### Assigned task:
Exact copy, no pictures: reproduce the lines from the one that holds "this 1333×1500 image." through the end of the entries.

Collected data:
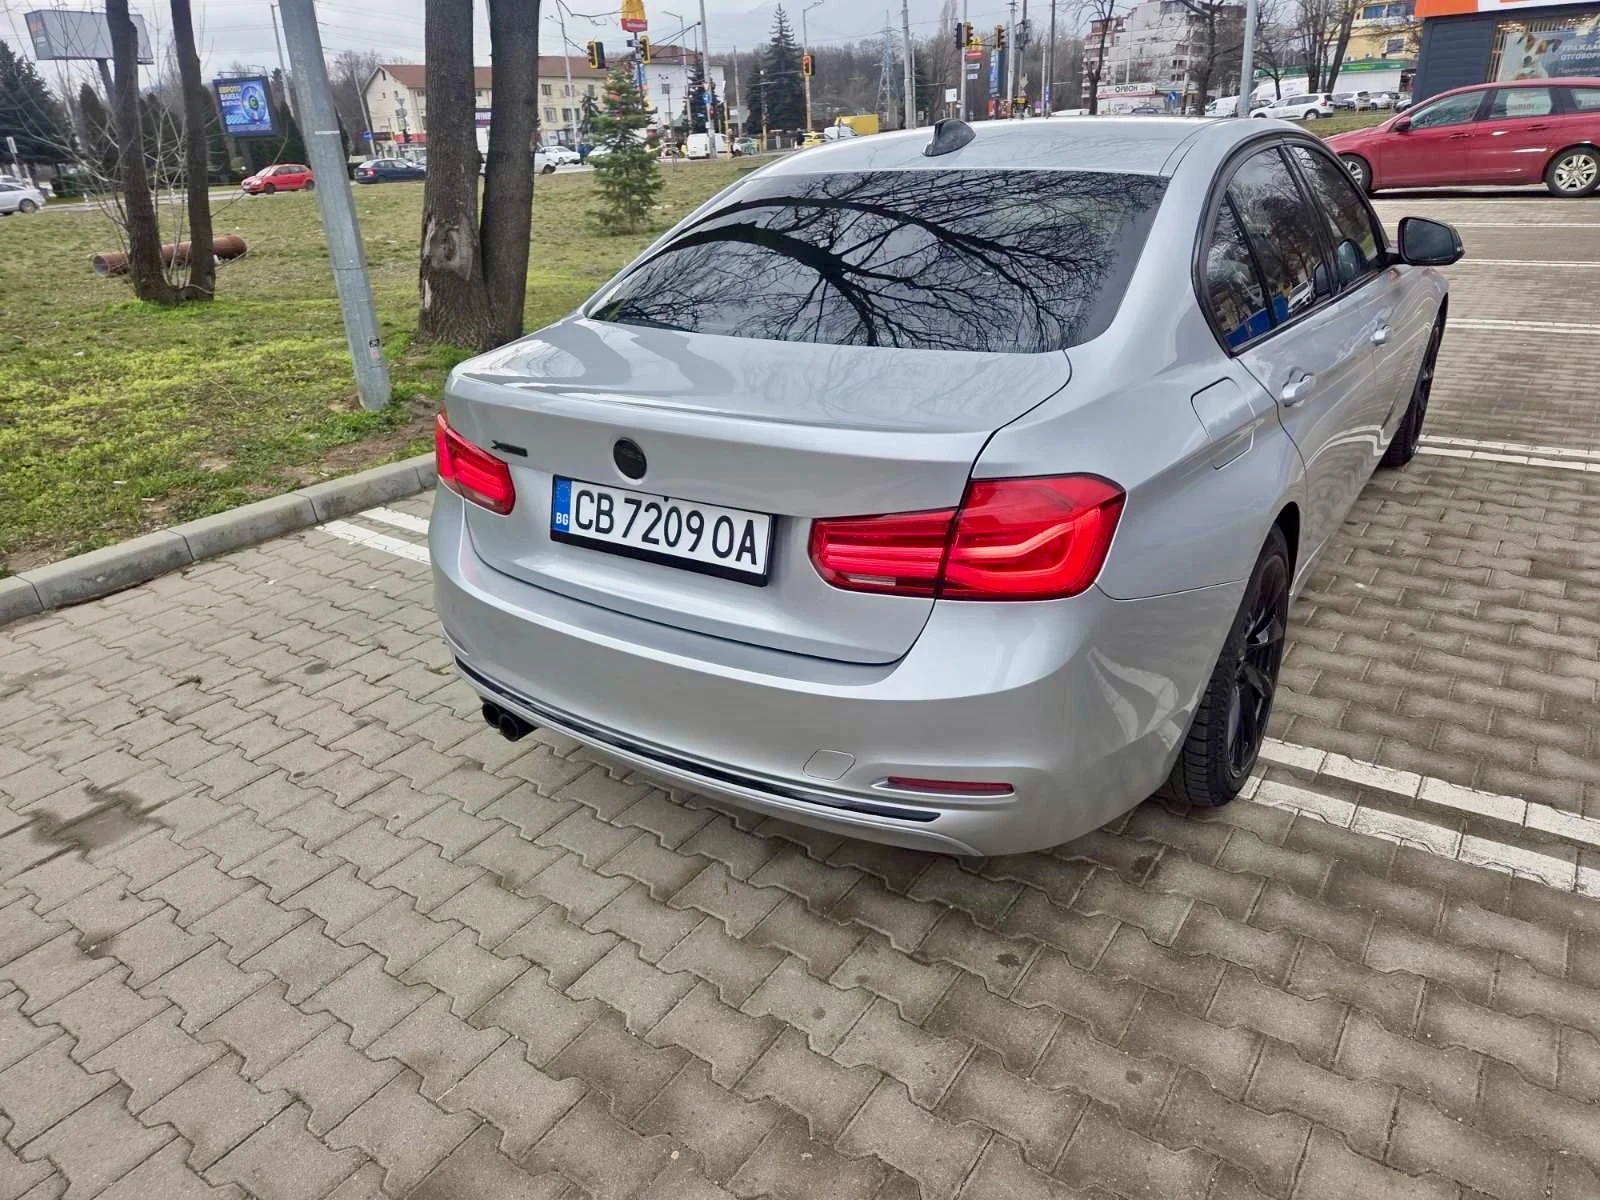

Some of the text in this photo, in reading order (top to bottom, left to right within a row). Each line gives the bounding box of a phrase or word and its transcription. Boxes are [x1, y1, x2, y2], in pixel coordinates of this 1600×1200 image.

[556, 513, 568, 526] BG
[575, 490, 757, 565] CB 7209 OA
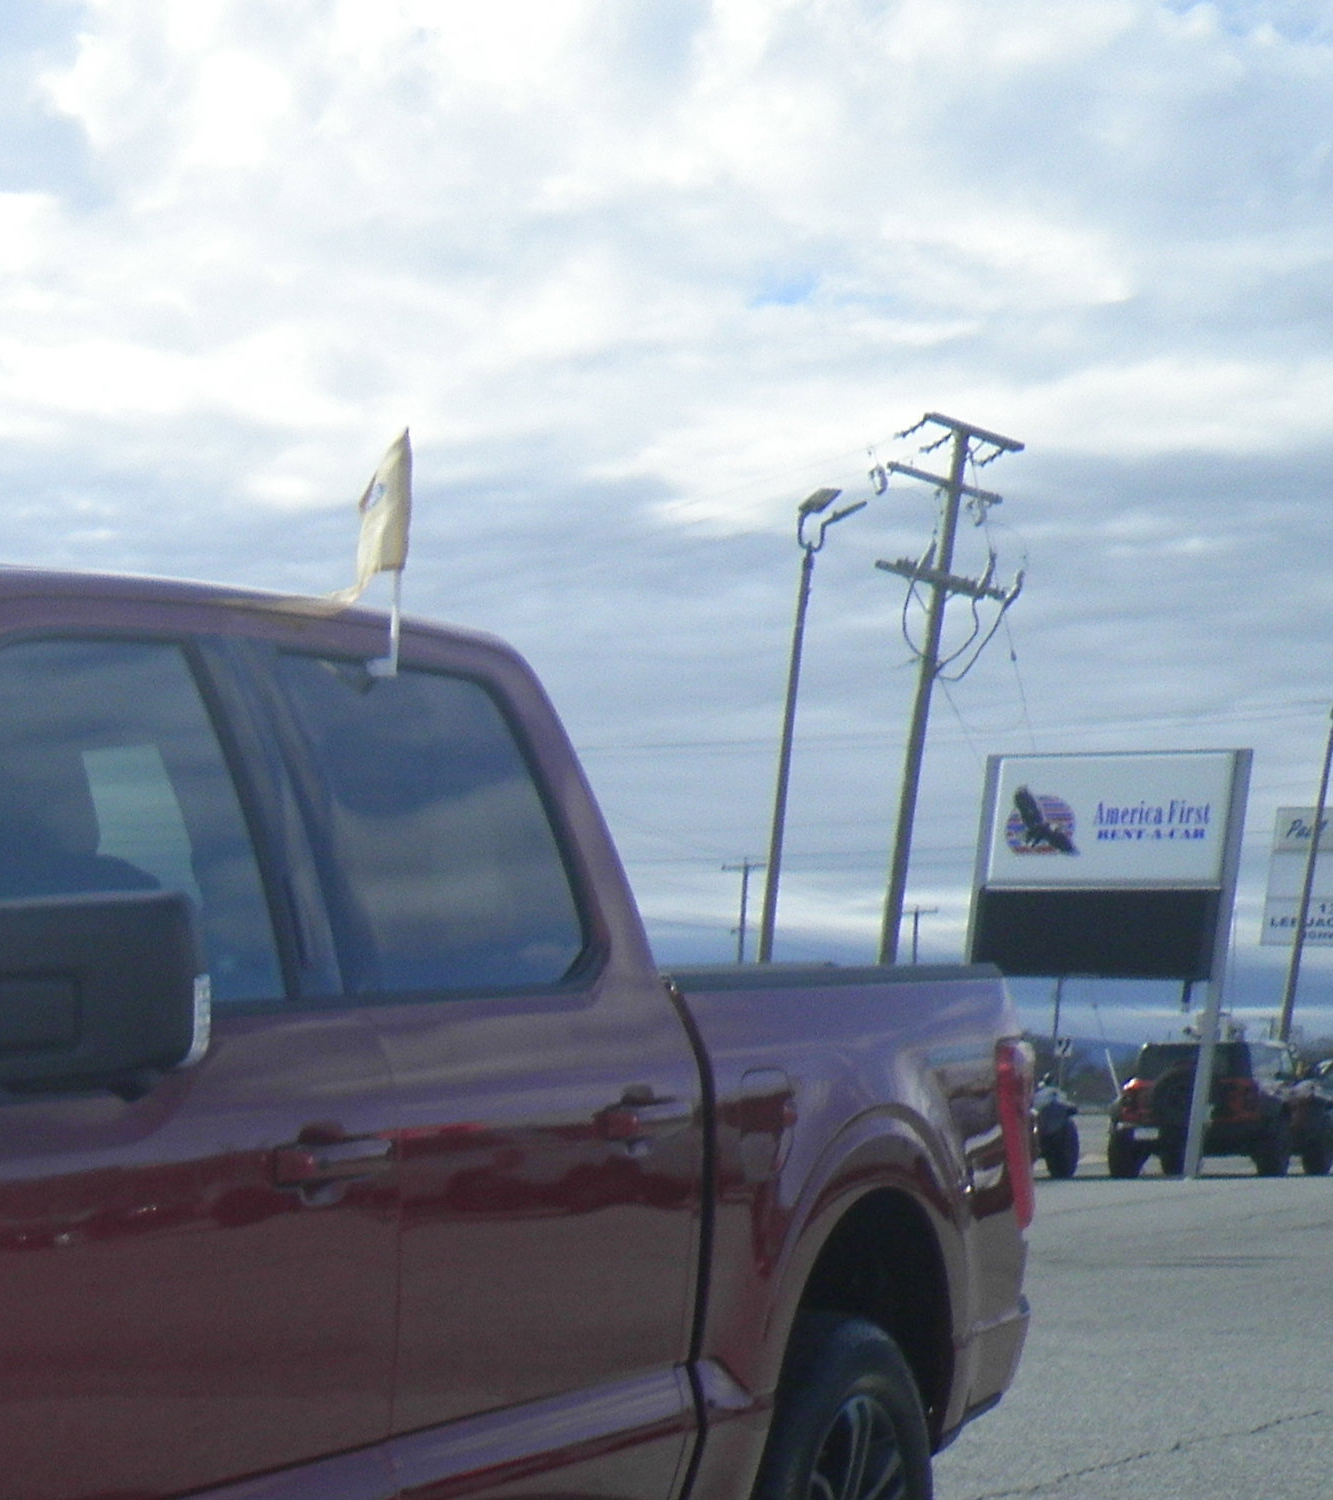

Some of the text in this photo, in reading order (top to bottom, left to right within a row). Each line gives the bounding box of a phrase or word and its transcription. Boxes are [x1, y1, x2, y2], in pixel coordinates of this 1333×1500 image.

[1094, 799, 1210, 825] America First
[1098, 829, 1205, 840] RENT-A-CAR
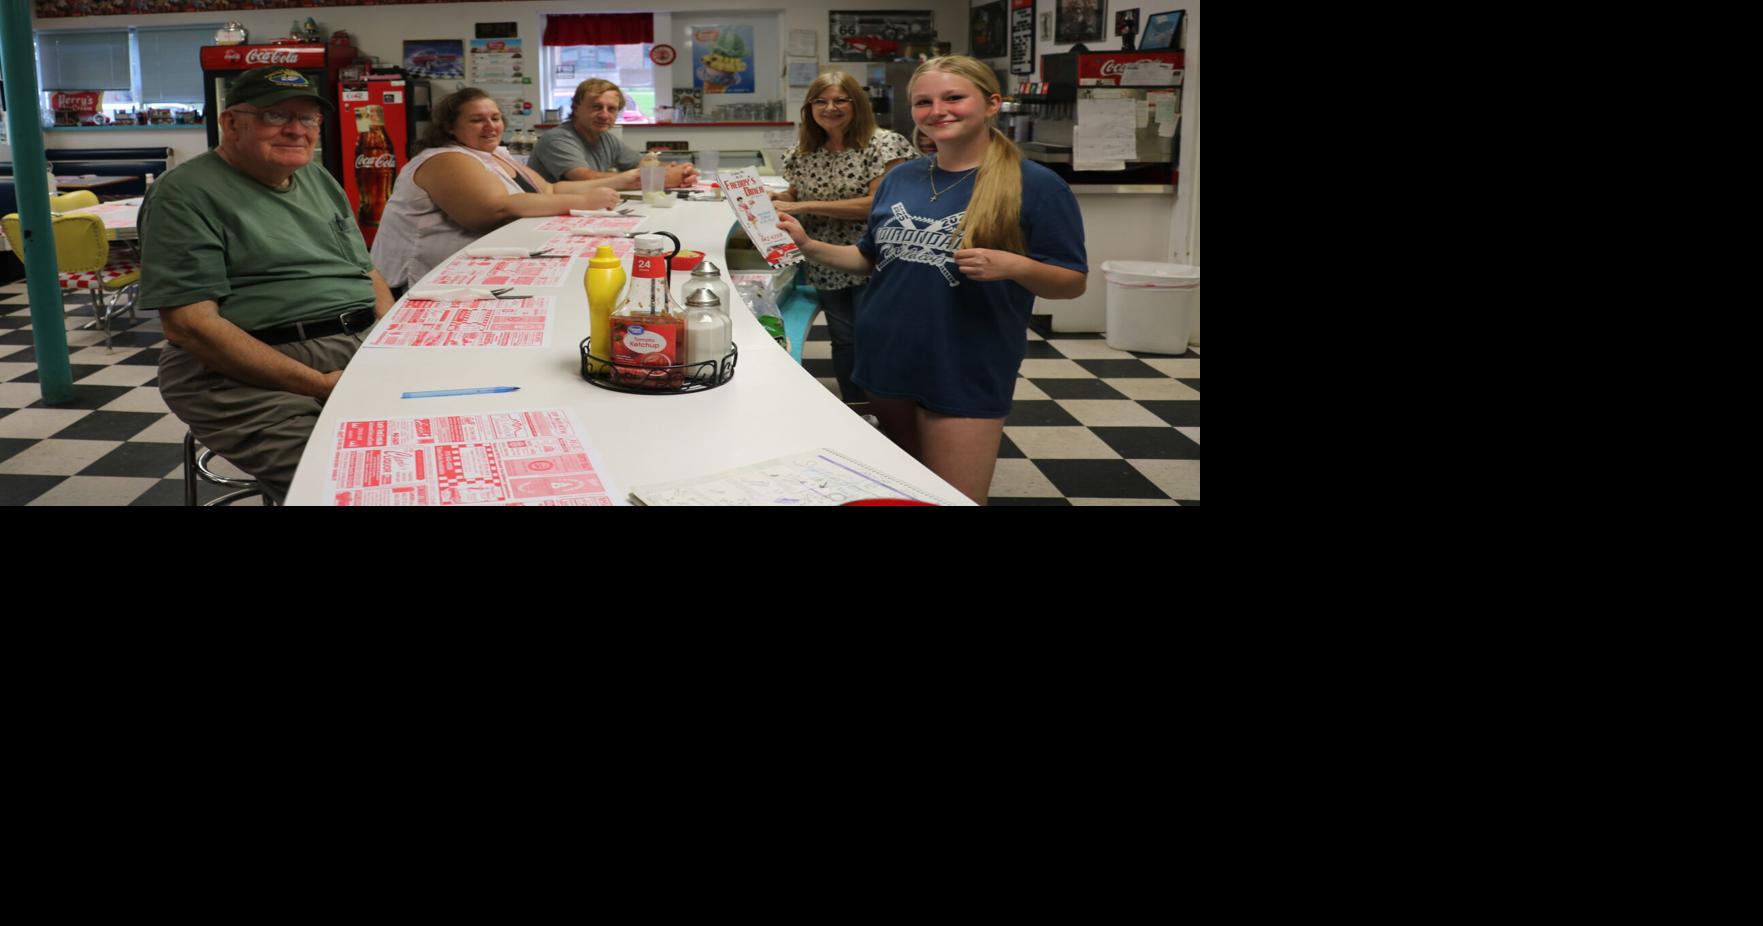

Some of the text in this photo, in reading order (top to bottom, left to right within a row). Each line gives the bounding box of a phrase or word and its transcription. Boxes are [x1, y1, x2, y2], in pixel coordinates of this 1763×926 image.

[839, 25, 856, 36] 66
[245, 49, 298, 64] Coca-Cola
[638, 260, 651, 268] 24
[629, 341, 660, 350] Ketchup

### Output for this exercise:
Some of the text in this photo, in reading order (top to bottom, left to right within a row). Each line gives the bounding box of a phrase or word and its transcription. Boxes are [x1, y1, x2, y2], in pixel coordinates of this 1333×1500 image.

[1094, 799, 1210, 825] America First
[1098, 829, 1205, 840] RENT-A-CAR

Some of the text in this photo, in reading order (top to bottom, left to right within a row). Each line gives the bounding box of a phrase or word and its transcription. Boxes are [x1, y1, x2, y2], in pixel coordinates of this 1763×926 image.

[839, 25, 856, 36] 66
[245, 49, 298, 64] Coca-Cola
[638, 260, 651, 268] 24
[629, 341, 660, 350] Ketchup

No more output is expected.